Peace Corps quits Kazakhstan

NOV. 23 2011 (The Conway Bulletin) – Citing “operational considerations”, the US Peace Corps hastily began to withdraw its 117 volunteers and staff from Kazakhstan on Nov. 18, dealing a significant blow to the country’s reputation as one of the most stable states in the former Soviet Union.

Although Peace Corps, which sends thousands of young Americans abroad every year mainly to teach English and spread US ideals, was vague on why it was pulling out of Kazakhstan after 18 years, its volunteers were not. They said worsening security had triggered the evacuation.

Earlier in November a Peace Corps volunteer in central Kazakhstan, was allegedly raped and less than a week before the pull out was announced a gunman linked to militant Islam killed seven people in the south of the country. This was just the latest attack linked to Islamic militants in Kazakhstan this year.

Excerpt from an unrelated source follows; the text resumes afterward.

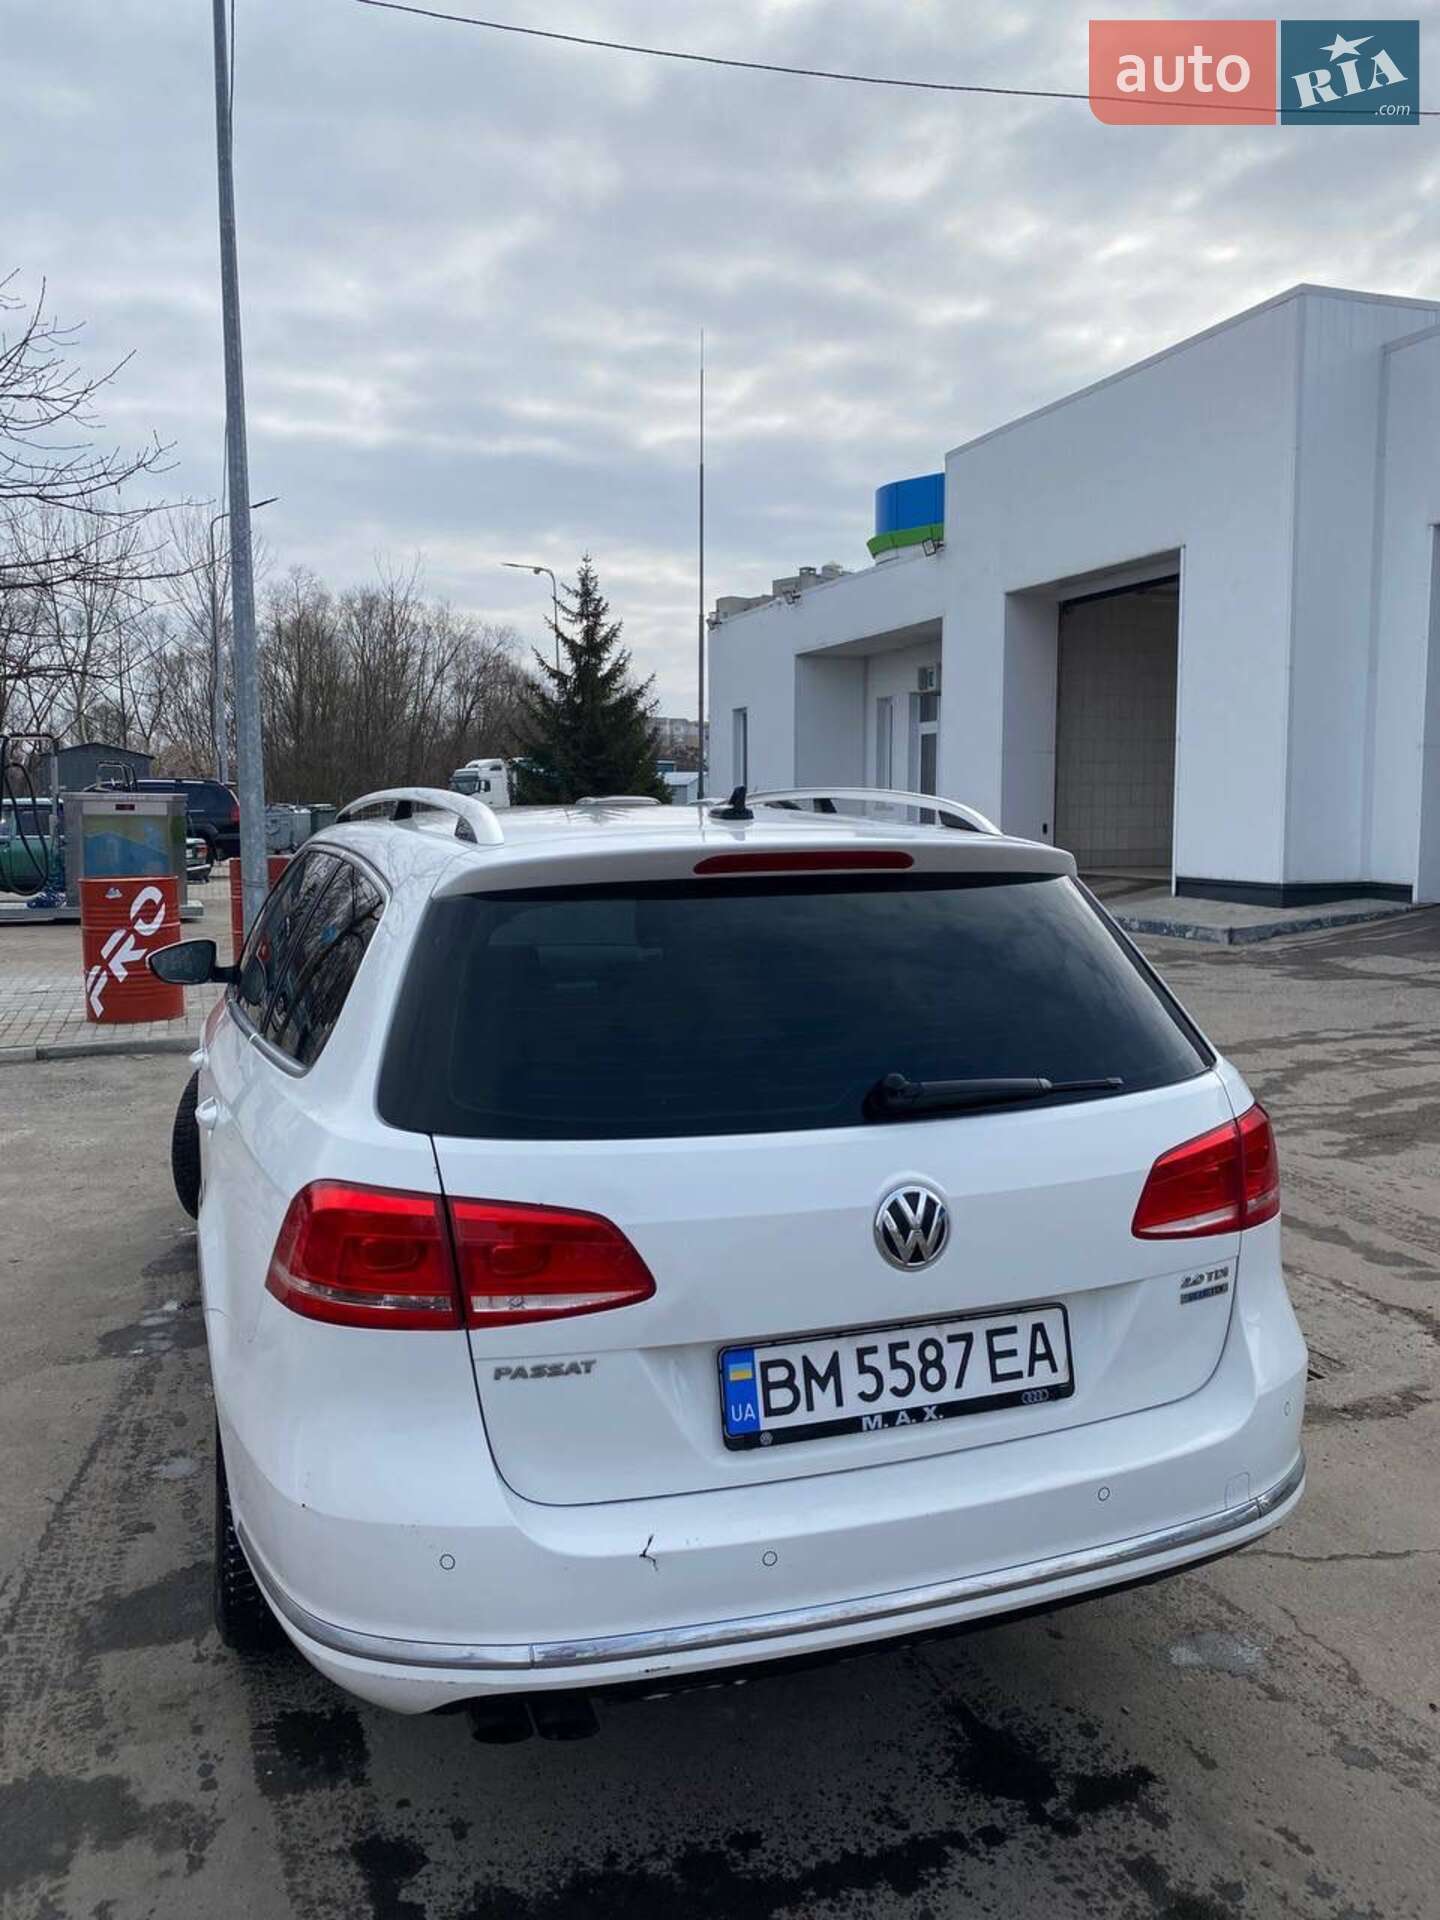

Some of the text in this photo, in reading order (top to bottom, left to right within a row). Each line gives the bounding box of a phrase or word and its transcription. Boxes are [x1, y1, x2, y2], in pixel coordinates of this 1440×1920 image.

[493, 1359, 596, 1380] PASSAT
[759, 1322, 1058, 1418] BM 5587 EA
[731, 1403, 756, 1422] UA

Since the news more evidence of threats and violence directed specifically at Peace Corps volunteers in Kazakhstan has seeped out.

This is all bad enough for Kazakhstan’s image but perhaps more remarkable was its reaction.

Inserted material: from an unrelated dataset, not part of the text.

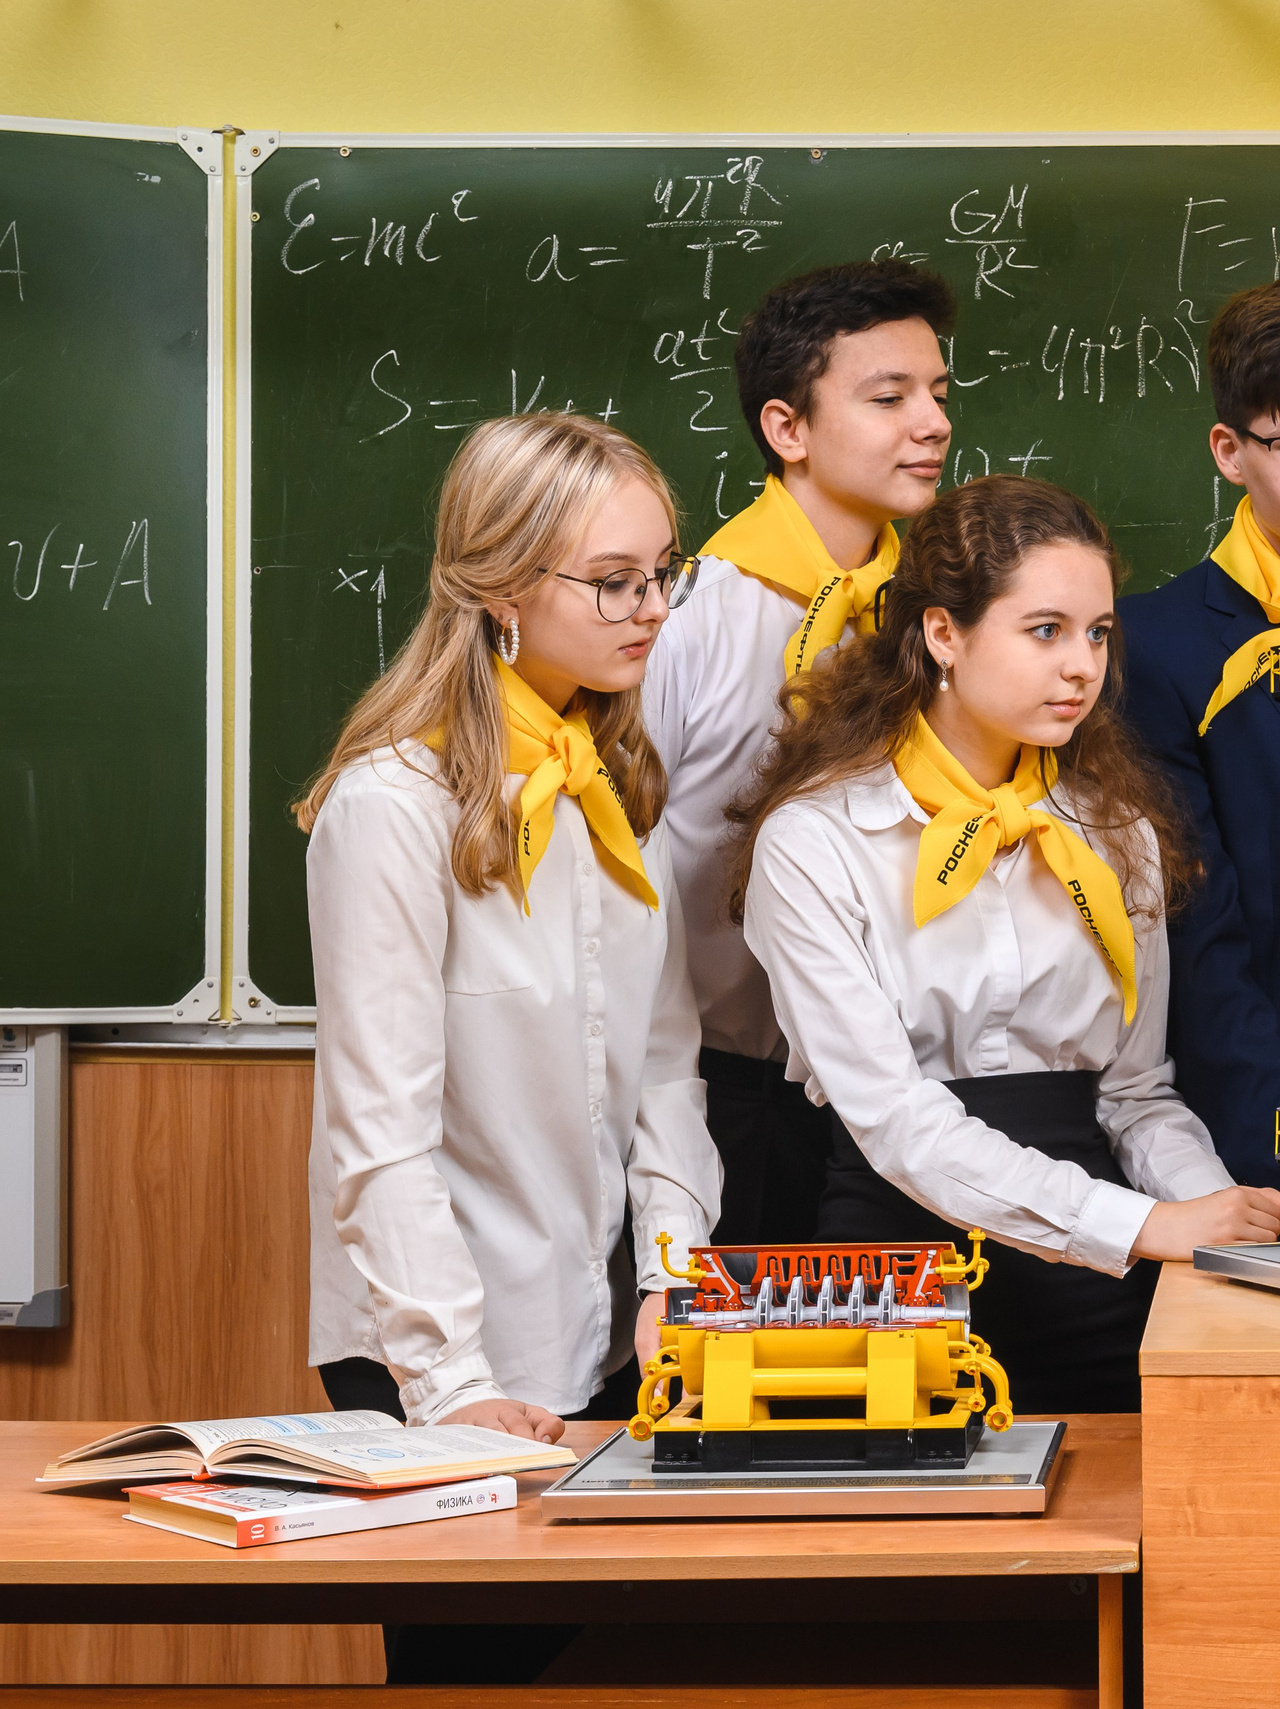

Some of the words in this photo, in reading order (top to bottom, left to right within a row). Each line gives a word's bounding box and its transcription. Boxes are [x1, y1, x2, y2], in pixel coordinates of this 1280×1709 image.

[690, 390, 729, 432] 2
[436, 1495, 473, 1509] ФИЗИКА
[251, 1522, 265, 1540] 10
[288, 1521, 315, 1529] Касьянов

Peace Corps was suddenly withdrawing from Kazakhstan, the Kazakh education ministry wrote, because the country had developed so rapidly over the last 20 years it was no longer needed.

In other words, this was a triumph for Kazakhstan and recognition of its great progress. The “operational considerations”, the alleged rape, the threats and the rising Islamic militant linked violence were all ignored.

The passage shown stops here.